Lunch prices, activity fees increase at UCPS
The Union County Board of Education voted unanimously to increase the child nutrition and After School Program fees.
The school lunch increases were mandated by the U.S. Department of Agriculture. The new prices will go into effect July 1 of this year.
For elementary schools, the price will increase 10 cents from $2.00 to $2.10. For middle schools and high schools, prices will go from $2.10 to $2.20. Staff, visiting children and visiting adult prices are a la carte.
The After School Program will also see an increase in pricing. Chief Financial Officer Dan Karpinski told the board Tuesday night that they are “woefully” under-marking their programs. Many of them are four or five star quality.
Even with the increase, they are offering “five-star quality at a very good rate for our parents,” Karpinski said.

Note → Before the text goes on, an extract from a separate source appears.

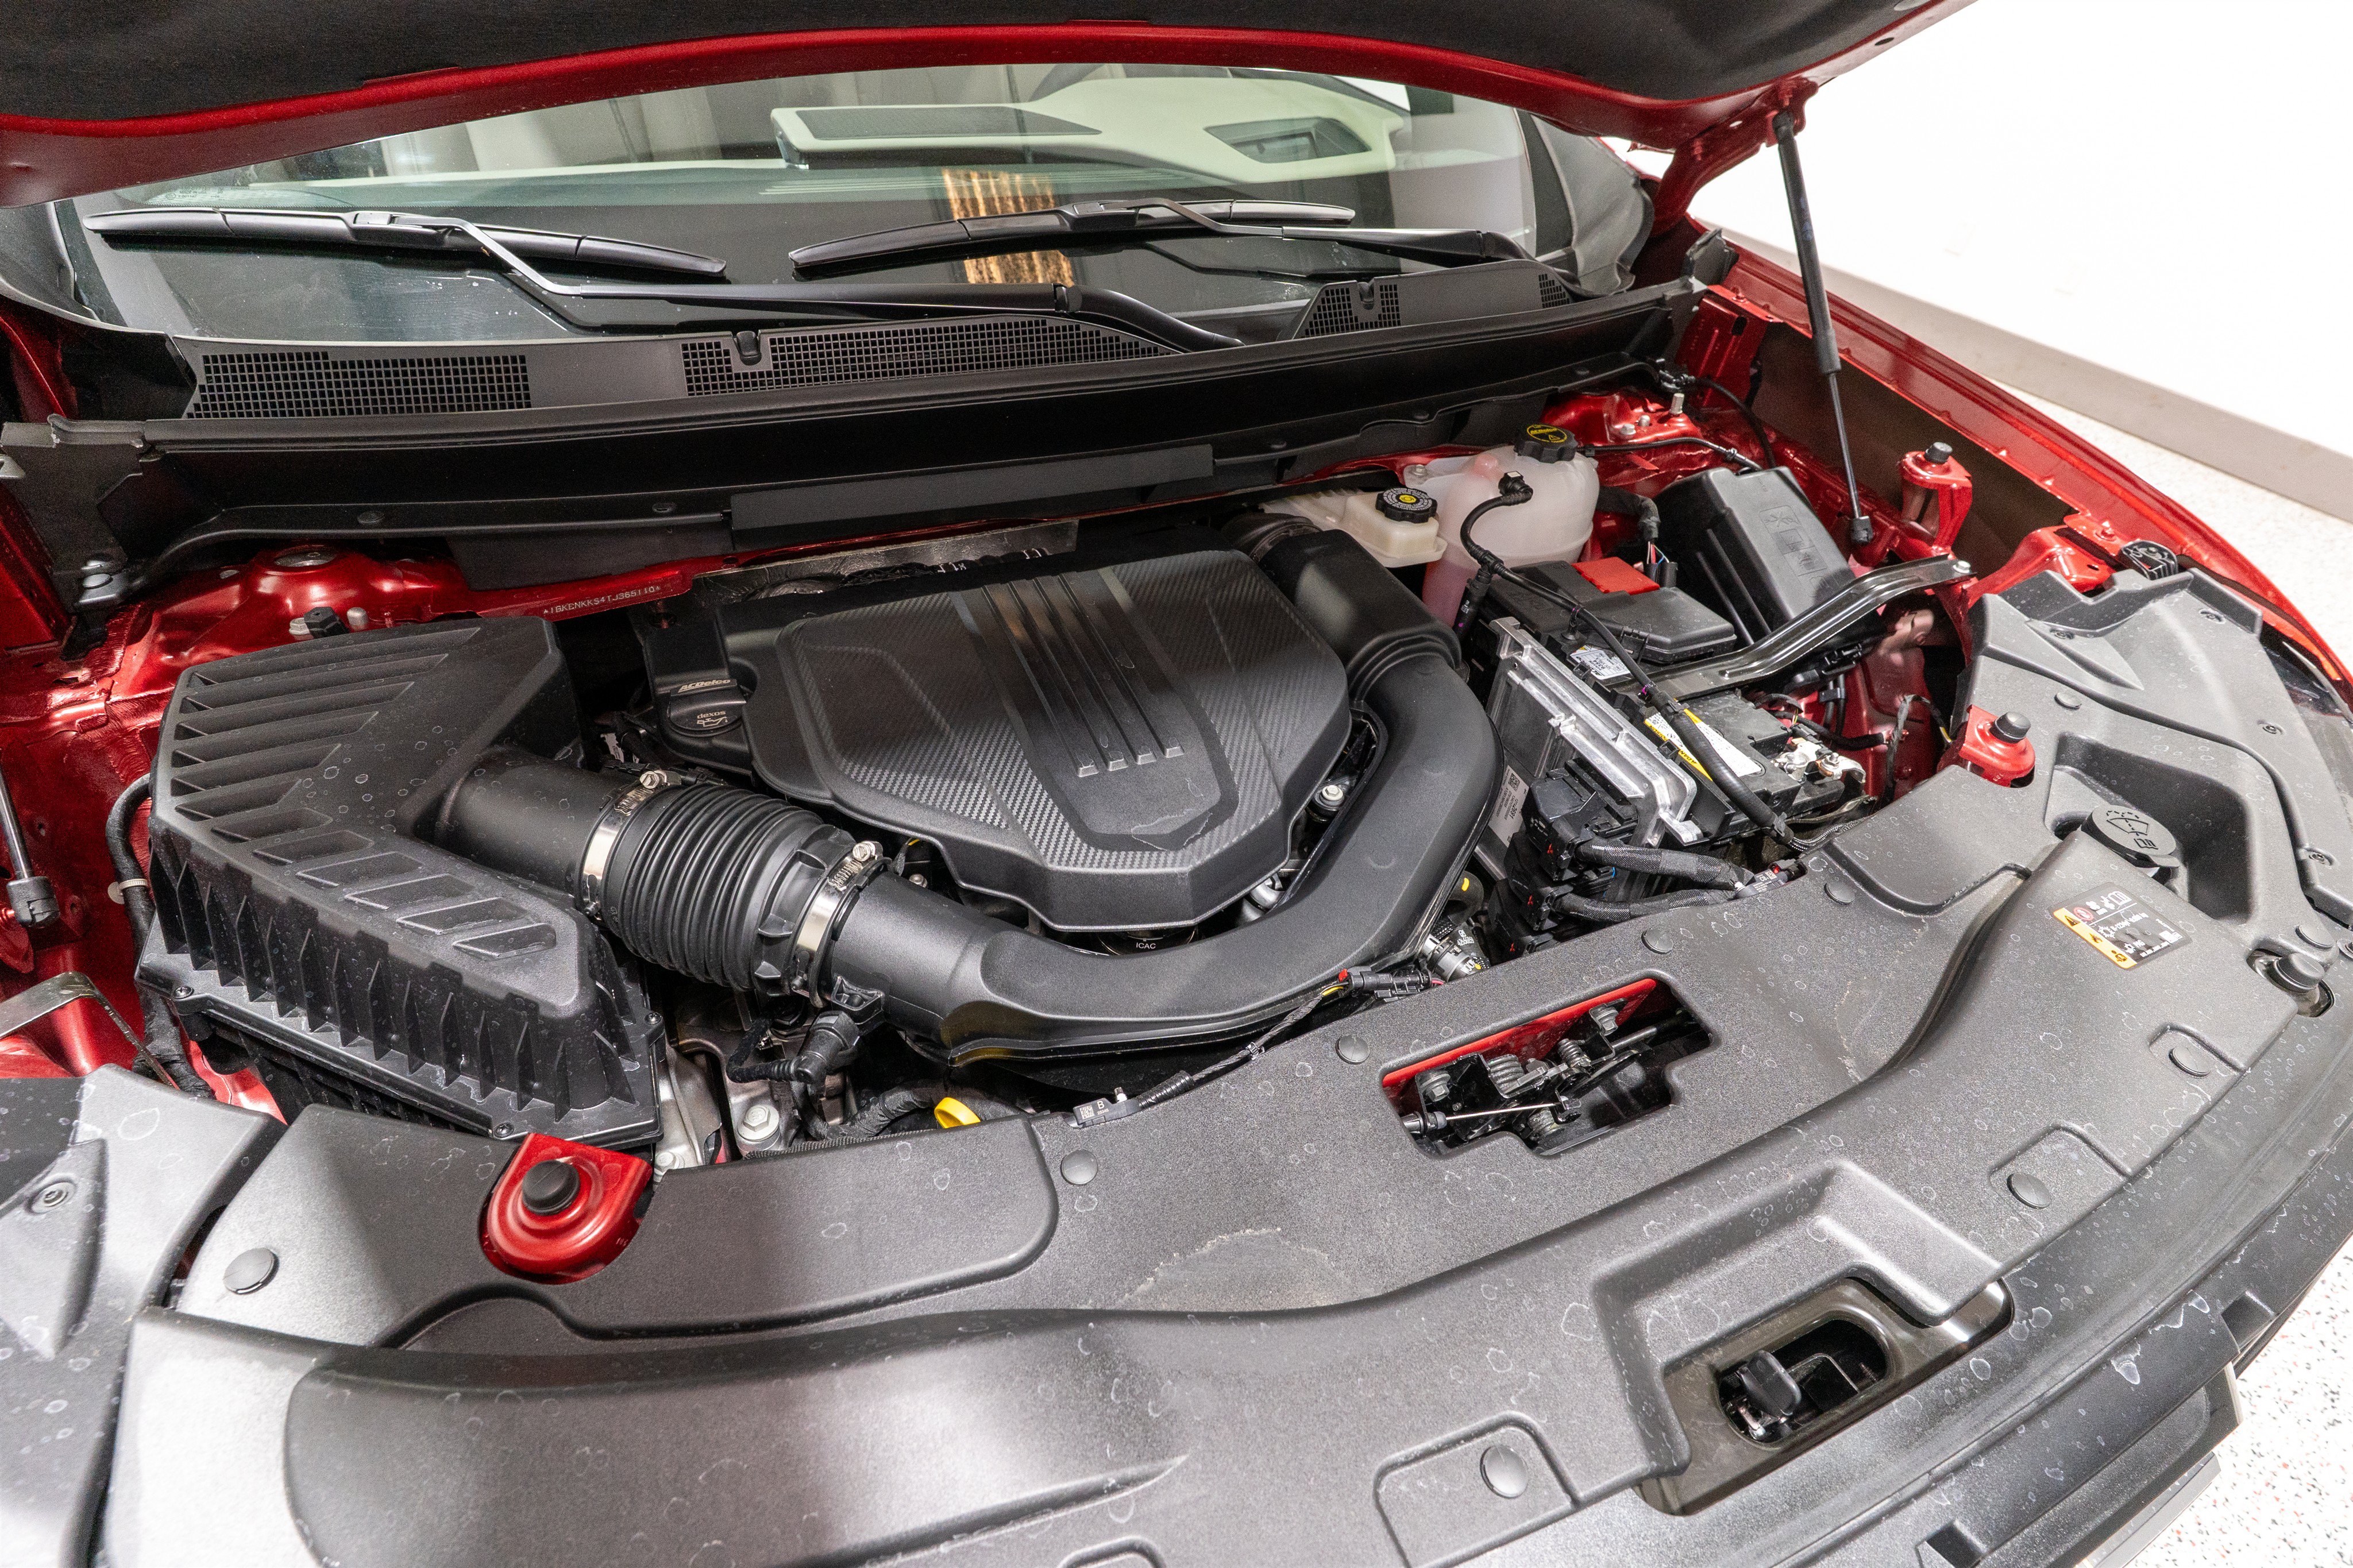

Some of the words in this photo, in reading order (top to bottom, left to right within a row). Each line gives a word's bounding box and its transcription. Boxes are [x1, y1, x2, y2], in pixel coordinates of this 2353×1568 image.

[678, 679, 731, 693] ACDelco
[697, 710, 726, 719] dexos
[1097, 1100, 1105, 1110] B

For the first child in a regular program, attending four hours a day or 20 hours a week, the price will rise from $50 to $55 a week, which breaks down to $11 a day or $2.75 an hour. For additional children attending four hours a day or 20 hours a week in a regular program, the charge will go from $45 to $50 a week, which is $10 a day or $2.50 an hour.
For the first and additional child in a UCPS After School Program, the price for four hours a day or 20 hours a week will rise from $30 to $35 a week, or $7 a day and $1.75 an hour.

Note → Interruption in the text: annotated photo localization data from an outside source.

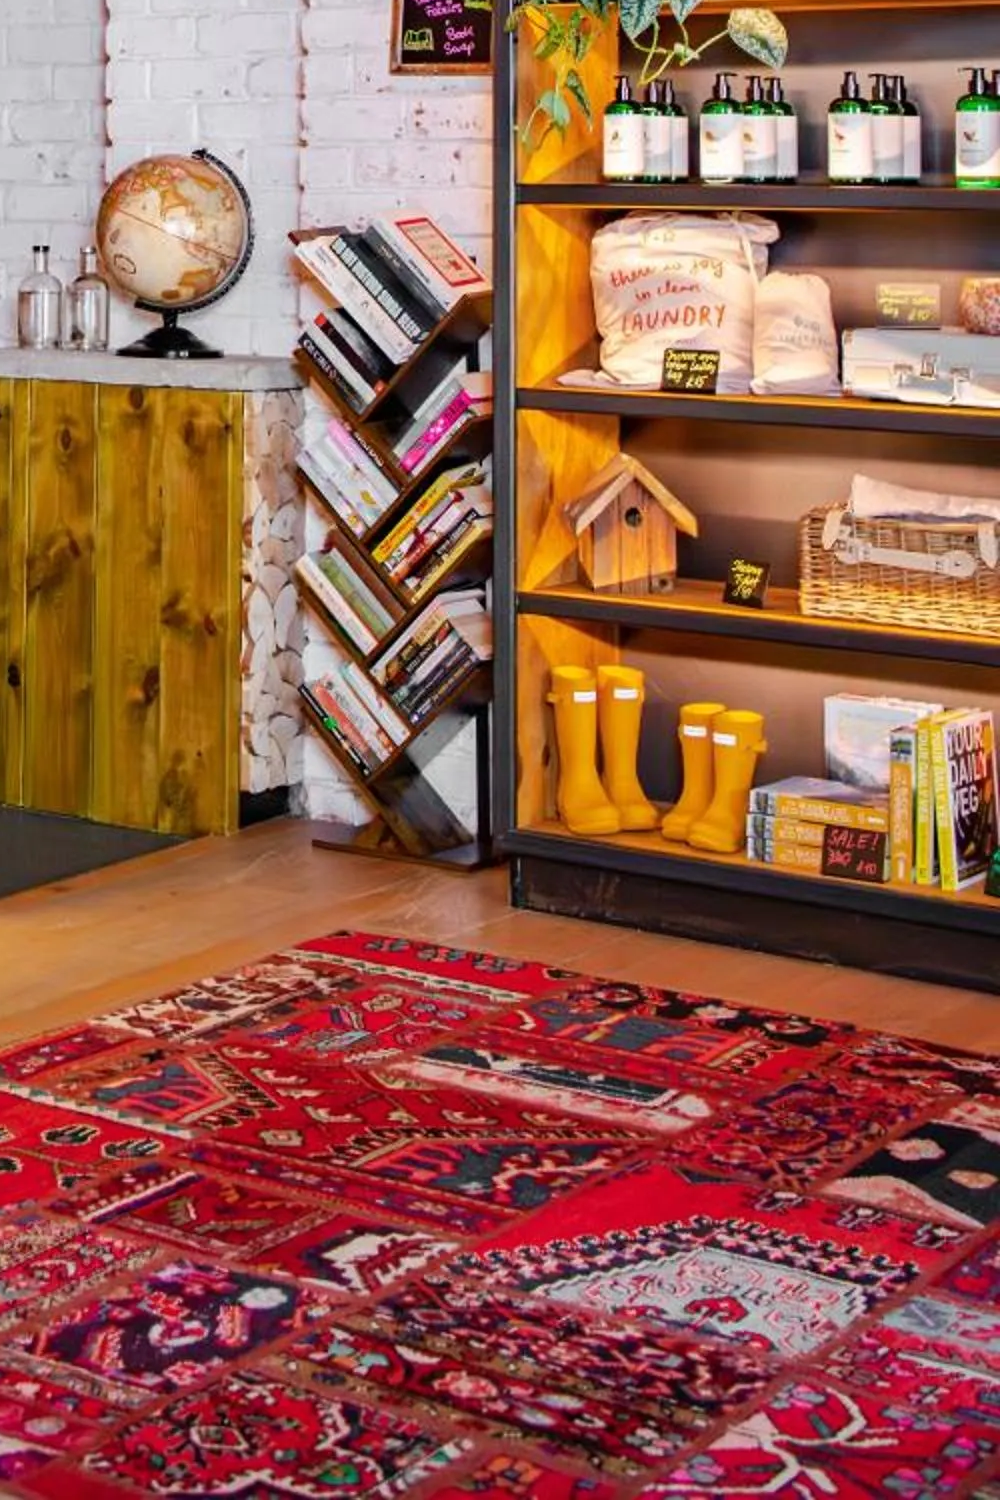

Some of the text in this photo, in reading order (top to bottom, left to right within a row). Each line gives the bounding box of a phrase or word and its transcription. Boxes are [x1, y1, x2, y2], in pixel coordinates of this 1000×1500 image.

[445, 25, 475, 41] Book
[443, 40, 476, 56] Swap
[657, 279, 701, 297] clean
[621, 303, 726, 338] LAUNDRY
[949, 750, 988, 789] DAILY
[827, 828, 880, 851] SALE!
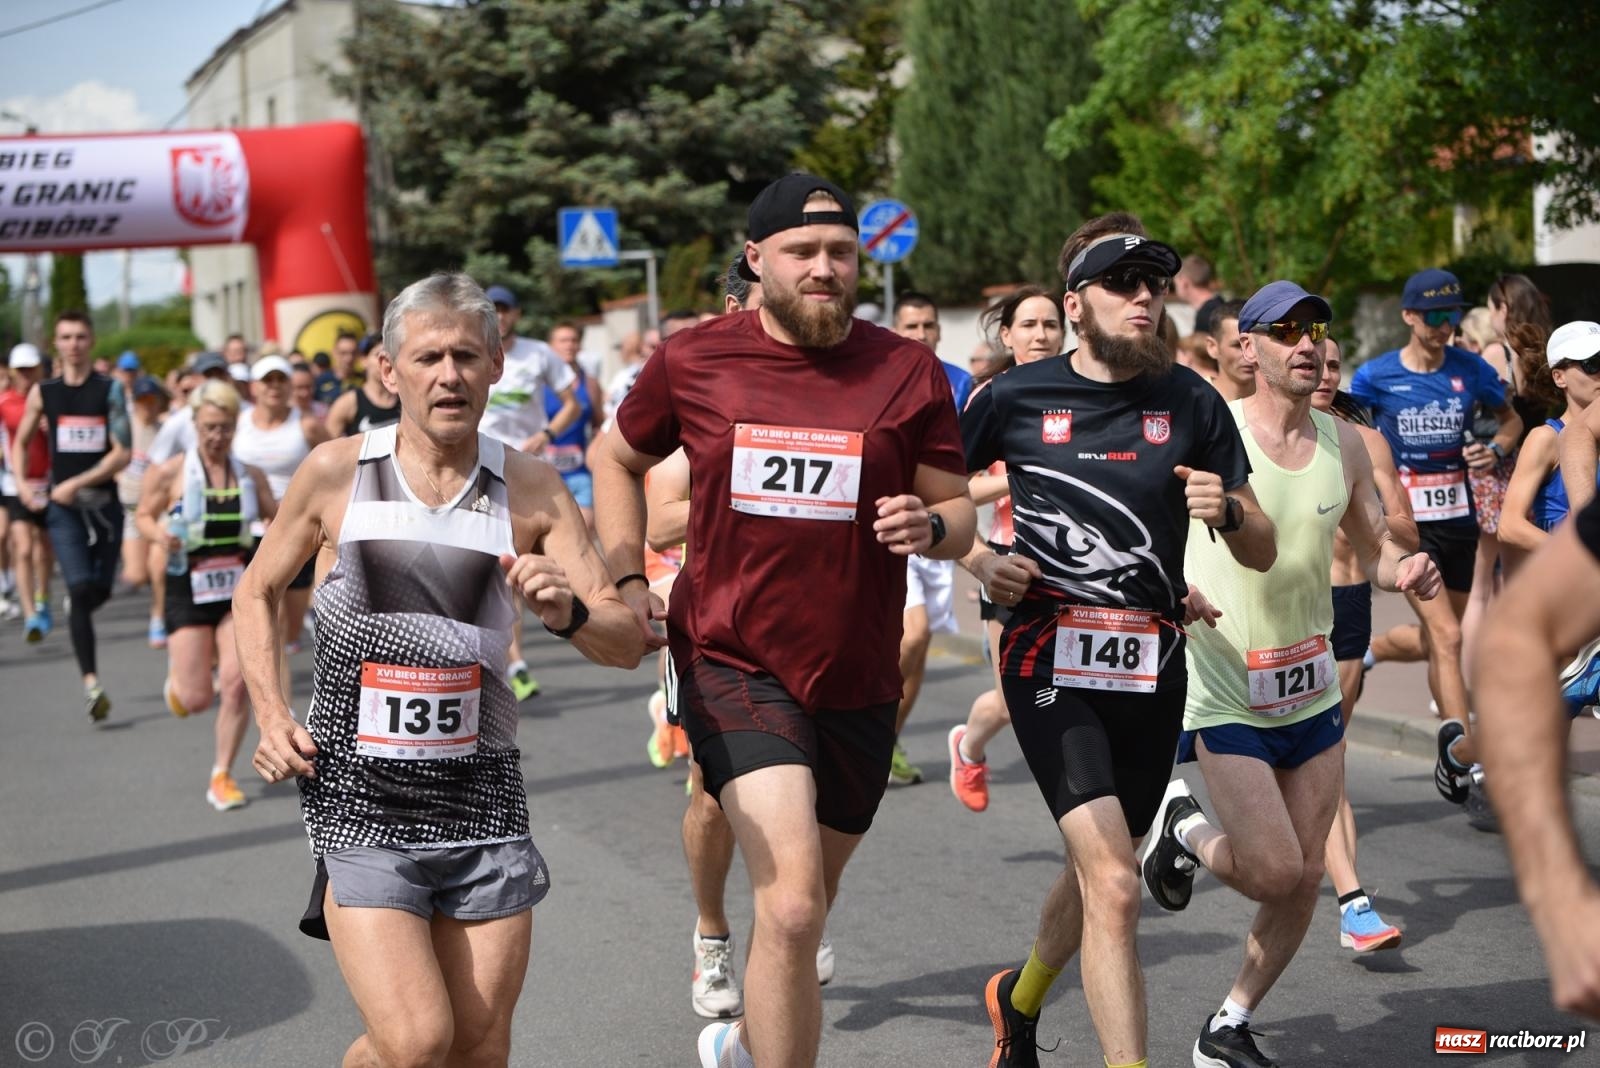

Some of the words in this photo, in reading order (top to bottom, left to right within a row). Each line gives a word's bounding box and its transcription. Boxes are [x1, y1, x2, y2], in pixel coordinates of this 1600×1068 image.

The price for a full day, on breaks or summer, which runs from 7 a.m. until 6 p.m., the first child price will go from $100 to $110 a week, or $22 a day, $2 an hour. The price for an additional child will go from $95 to $105 a week, $21 a day or $1.91 an hour. UCPS will receive a $10 credit for these days.
There will also be a additional $10 charge for a teacher-work day. There is currently no additional charge for the teacher-work days, even though they operate for 11 hours instead of four and a half.
There is no proposed increase for Early Bird programs, children enrolled in Early Bird and After School will receive a $5 credit.
Karpinski’s goal is to have a certified teacher at each site. There is a pilot at Shiloh and Benton Heights Elementary Schools and he is hoping to broaden to the 27 sites next year.
School Board member Kevin Stewart said he was “very impressed” with the program and “more impressed with the rates.” He made the motion to approve the increase.
This is the first increase since 2006, according to a memo given to the board. Since then, the program has seen an increase in indirect expenses, like snacks, health insurance for employees, maintenance and other expenses. They are also expected to have additional technology costs over the next few years due to aging technology that was originally purchased with grant money.
The program is an enterprise fund, meaning it is paid for by tuition fees.